L’affaire débute lorsque le commissariat d’arrondissement de Pikine reçoit une réquisition du directeur de l’hôpital Général Idrissa Pouye de Grand-Yoff. Le document signale le décès de Bacary Badji, 67 ans, domicilié à Pikine Colobane, et hospitalisé depuis le 24 novembre 2025 pour une grave brûlure thermique. Son fils, D. S. Badji, avait expliqué que son père avait été ébouillanté dans son sommeil le 18 novembre, vers 1 h du matin, par sa femme, M. M. Coly, qu’il décrit comme souffrant de troubles mentaux.
Malgré la gravité de la brûlure, aucun membre de la famille n’avait jugé nécessaire de déclarer l’agression aux autorités. Les enquêteurs ont alors interrogé le fils pour clarifier les circonstances du décès. La brigade de recherches a ensuite interpellé M. M. Coly, Gambienne de 51 ans et mère de sept enfants, ainsi que ses deux fils, D. S. Badji (29 ans) et A. Badji (23 ans), poursuivis pour complicité pour avoir gardé le silence.

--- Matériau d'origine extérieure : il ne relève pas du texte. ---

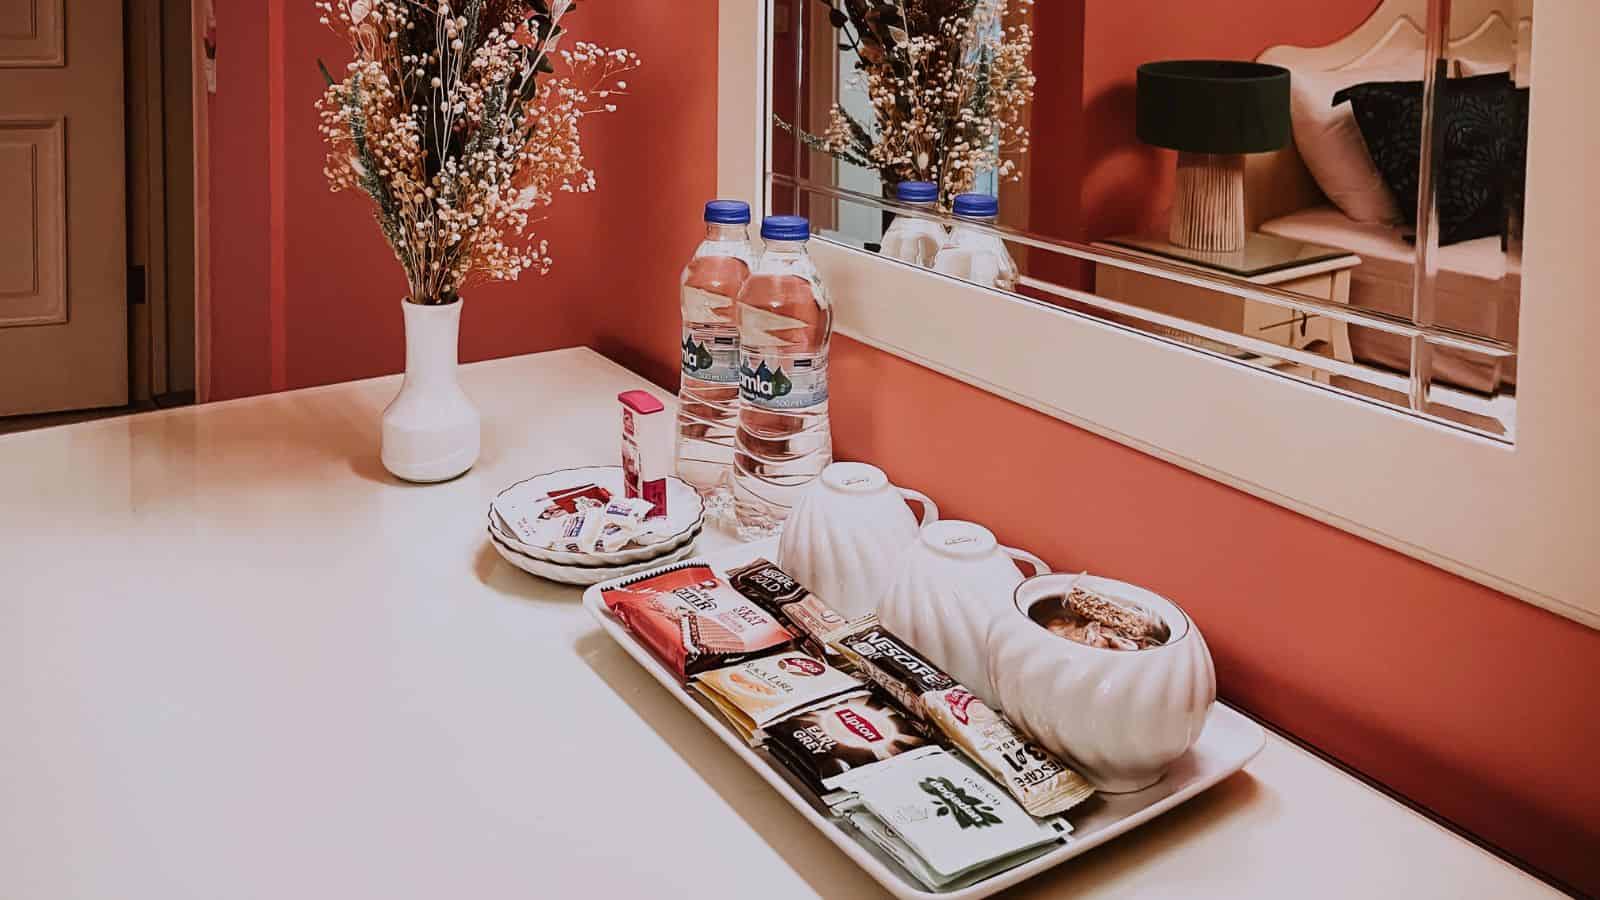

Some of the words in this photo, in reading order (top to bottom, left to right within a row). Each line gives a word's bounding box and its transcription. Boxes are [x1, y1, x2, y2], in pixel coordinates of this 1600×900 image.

Entendue, la mise en cause a reconnu avoir versé de l’eau bouillante sur son mari, évoquant un climat conjugal détérioré depuis le mariage de ce dernier avec une seconde femme. Les deux fils ont expliqué avoir transporté leur père, gravement brûlé, d’abord au centre Baye Talla Diop, puis chez un voisin, H. Ndiaye, où il a séjourné plusieurs jours avant son transfert à l’hôpital.
À l’issue de l’enquête, la femme a été déférée pour meurtre, tandis que ses deux fils et le voisin H. Ndiaye ont été déférés pour complicité. Aucun document ne prouve pour l’instant la supposée instabilité mentale évoquée par un des fils.